Translocation of classical PKC and cortical granule exocytosis of human oocyte in germinal vesicle and metaphase II stage

Aim: Protein kinase C (PKC) is as a family of serine/threonine kinases that can be activated by Ca²⁺, phospholipid and diacylglycerol. PKC plays an important role in oocyte maturation and activation. This study was undertaken to investigate classical PKC (cPKC) in human oocyte maturation and activation.
Methods: Germinal vesicle (GV) and metaphase II (MII) stage oocytes were collected from healthy women. The expression and distribution of cPKC were investigated by immunoflourescence. MII oocytes were treated with PKC activator or inhibitor and imaged using a laser confocal scanning microscope (LCSM).
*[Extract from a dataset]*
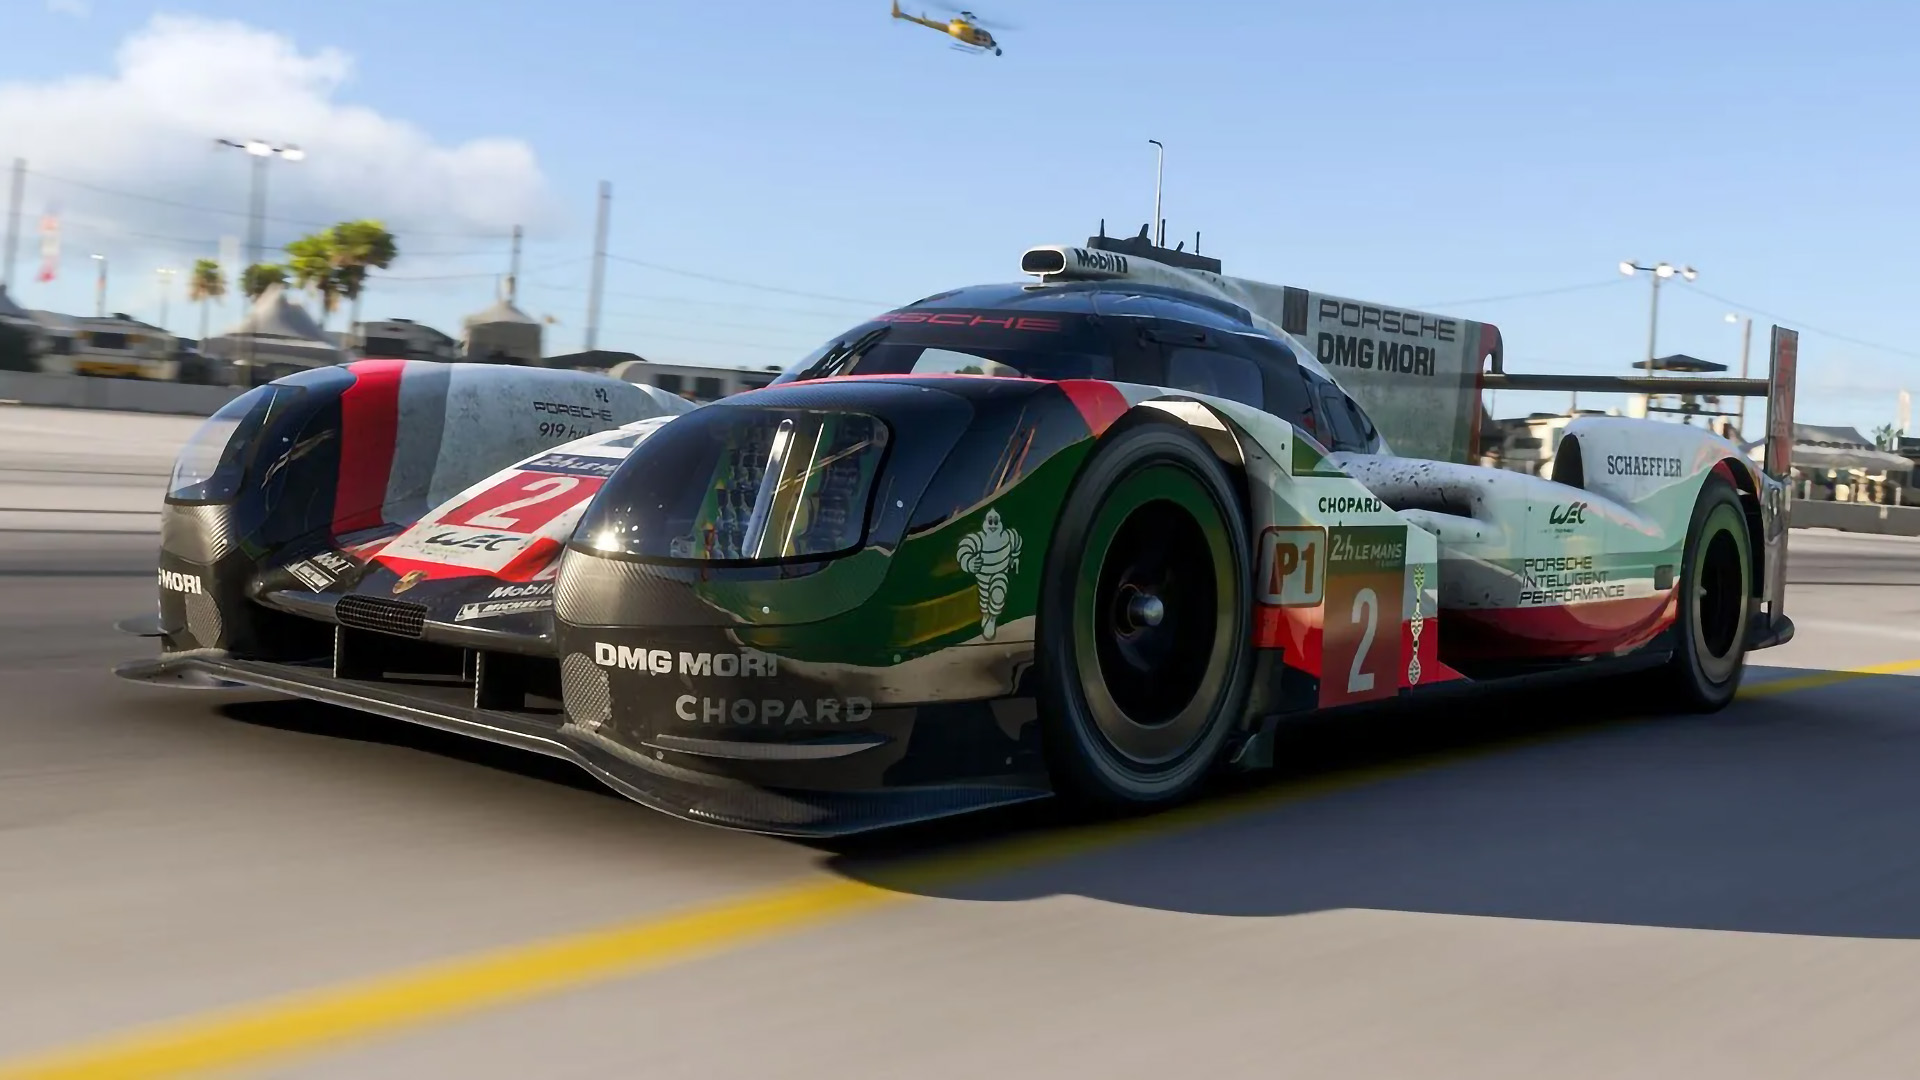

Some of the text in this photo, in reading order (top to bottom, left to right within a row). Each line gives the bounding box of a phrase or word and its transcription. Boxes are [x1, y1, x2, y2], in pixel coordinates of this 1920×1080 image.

Results: In GV oocytes, PKC alpha, beta1 and gamma were localized to the germinal vesicles, with a weak expression in ooplasm. In MII oocytes, PKCalpha, beta1 and gamma were distributed evenly in ooplasm. After treatment with PKC activator, phorbol 12-myristate 13-acetate (PMA), cPKC translocated to the periphery of oocyte, and cortical granules (CG) exocytosis was found. When the oocytes were treated with PKC inhibitor, staurosporine, no translocation of cPKC and CG exocytosis were found.
Conclusion: PKCalpha, beta1 and gamma exist in human oocytes and activation of these sub-units could induce CG exocytosis in MII stage.